## Task instructions
Copy the entries exactly. Their pictures do not belong in the copy.

########################################

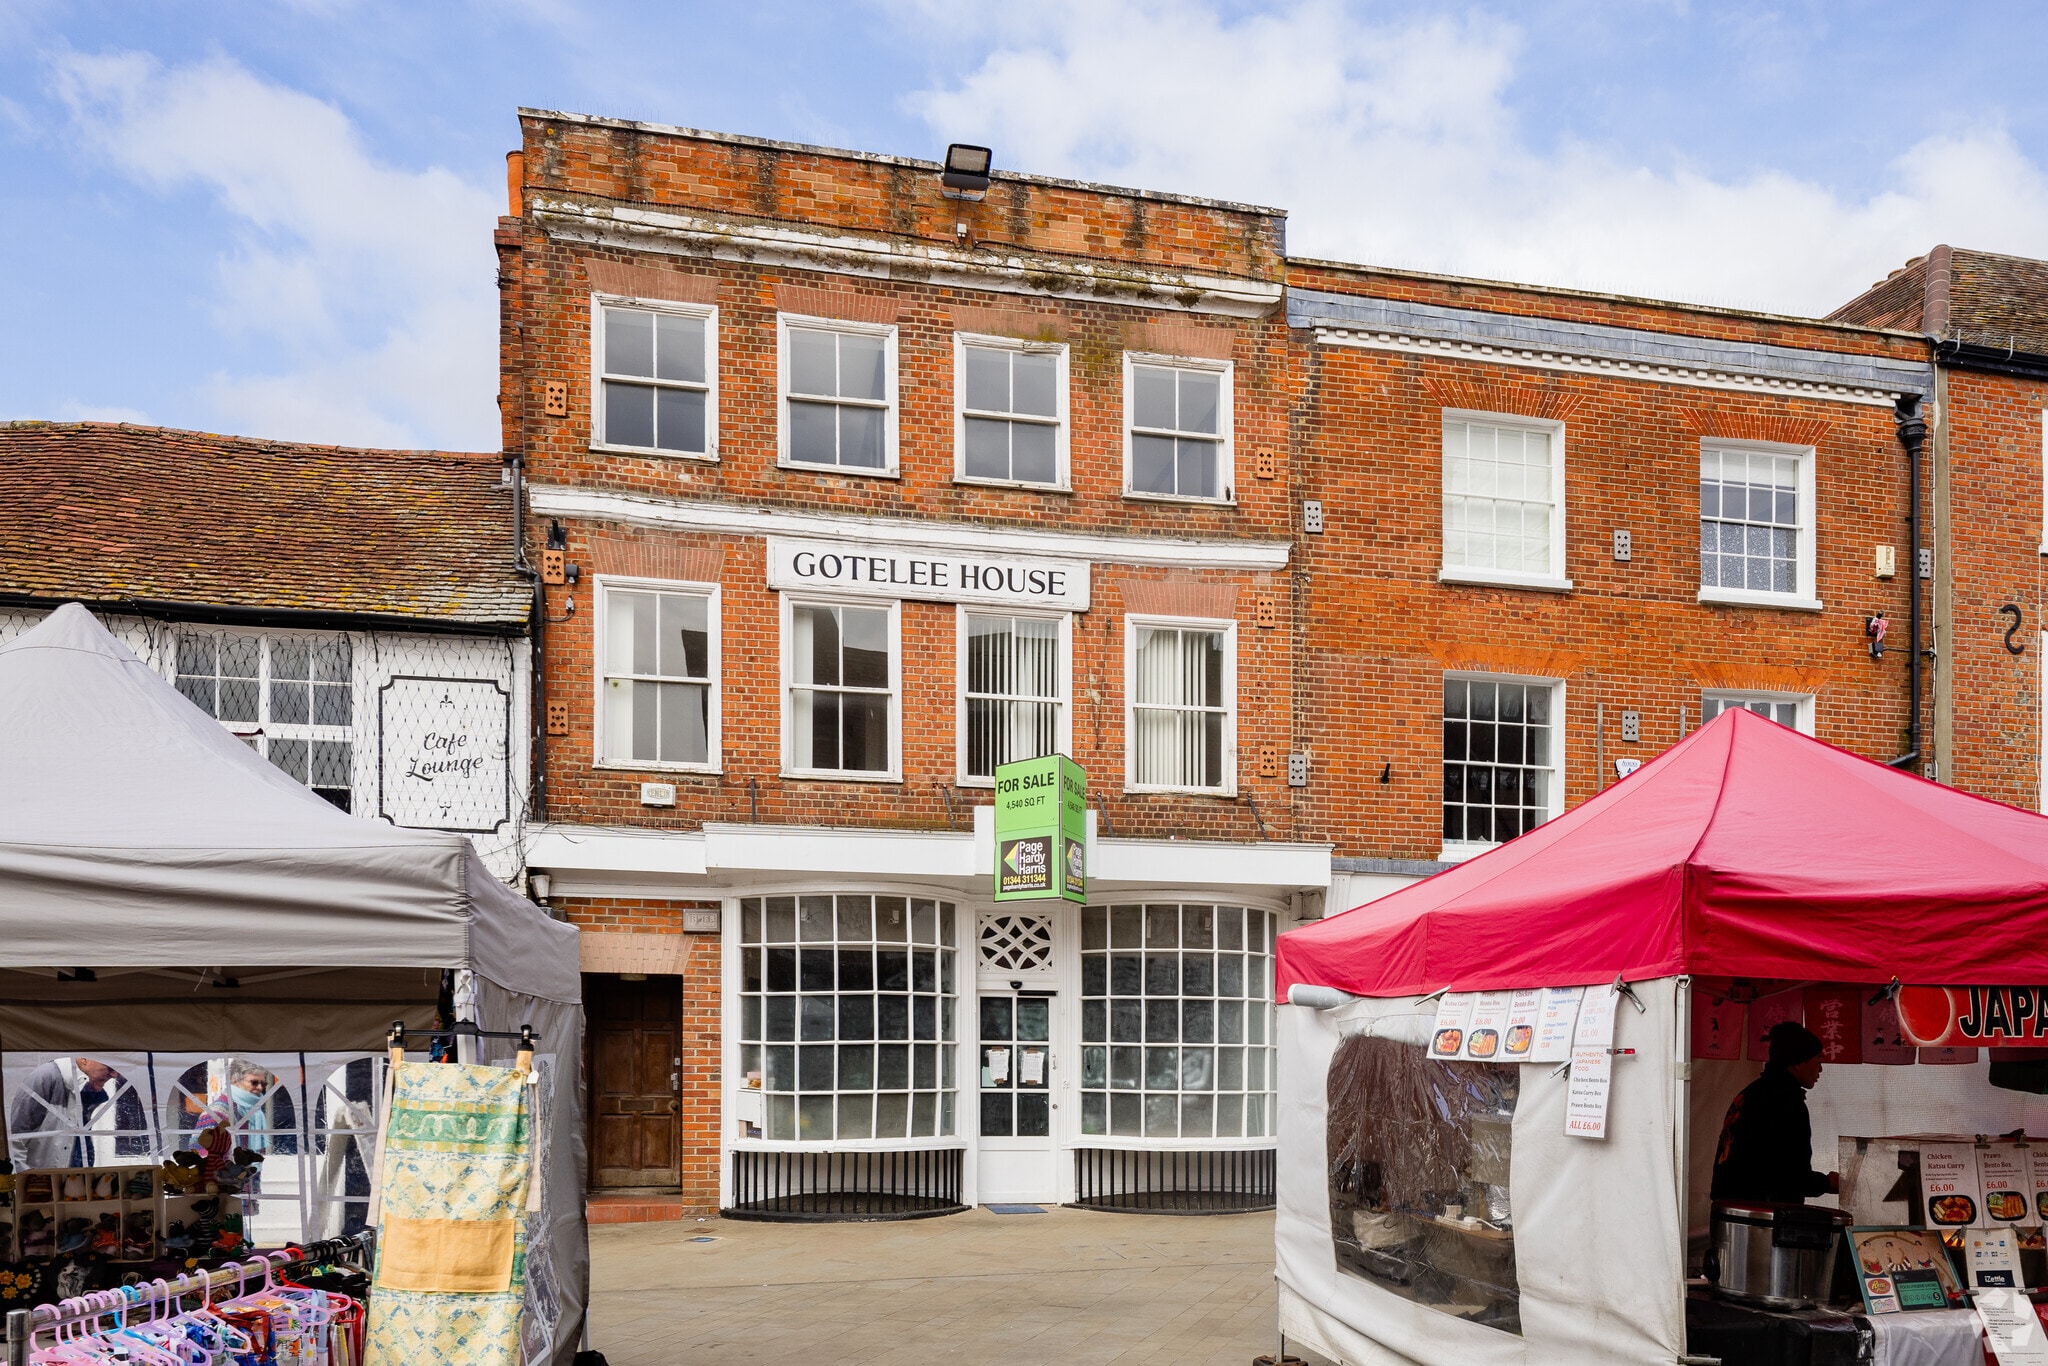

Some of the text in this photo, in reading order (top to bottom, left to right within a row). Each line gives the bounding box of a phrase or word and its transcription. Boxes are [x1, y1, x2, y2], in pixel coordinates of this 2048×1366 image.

[793, 552, 1066, 596] GOTELEE HOUSE
[424, 732, 467, 755] Cafe
[406, 757, 484, 782] Lounge
[998, 772, 1055, 794] FOR SALE
[1064, 775, 1085, 800] FOR SALE
[1006, 795, 1046, 810] 4,540 SQ FT
[1020, 841, 1043, 855] Page
[1020, 851, 1046, 865] Hardy
[1019, 864, 1047, 875] Harris
[1003, 873, 1047, 885] 01344 311344
[1515, 990, 1533, 998] Chicken
[1476, 1018, 1492, 1026] £6.00
[1511, 1016, 1525, 1025] £6.00
[1569, 1120, 1601, 1131] ALL £6.00
[1947, 1162, 1966, 1170] Curry
[1930, 1183, 1955, 1192] £6.00
[1986, 1180, 2008, 1189] £6.00
[1934, 1292, 1940, 1300] 5

########################################

## Exercise output
Some of the text in this photo, in reading order (top to bottom, left to right within a row). Each line gives the bounding box of a phrase or word and its transcription. Boxes are [x1, y1, x2, y2], in pixel coordinates of this 2048×1366 image.

[793, 552, 1066, 596] GOTELEE HOUSE
[424, 732, 467, 755] Cafe
[406, 757, 484, 782] Lounge
[998, 772, 1055, 794] FOR SALE
[1064, 775, 1085, 800] FOR SALE
[1006, 795, 1046, 810] 4,540 SQ FT
[1020, 841, 1043, 855] Page
[1020, 851, 1046, 865] Hardy
[1019, 864, 1047, 875] Harris
[1003, 873, 1047, 885] 01344 311344
[1515, 990, 1533, 998] Chicken
[1476, 1018, 1492, 1026] £6.00
[1511, 1016, 1525, 1025] £6.00
[1569, 1120, 1601, 1131] ALL £6.00
[1947, 1162, 1966, 1170] Curry
[1930, 1183, 1955, 1192] £6.00
[1986, 1180, 2008, 1189] £6.00
[1934, 1292, 1940, 1300] 5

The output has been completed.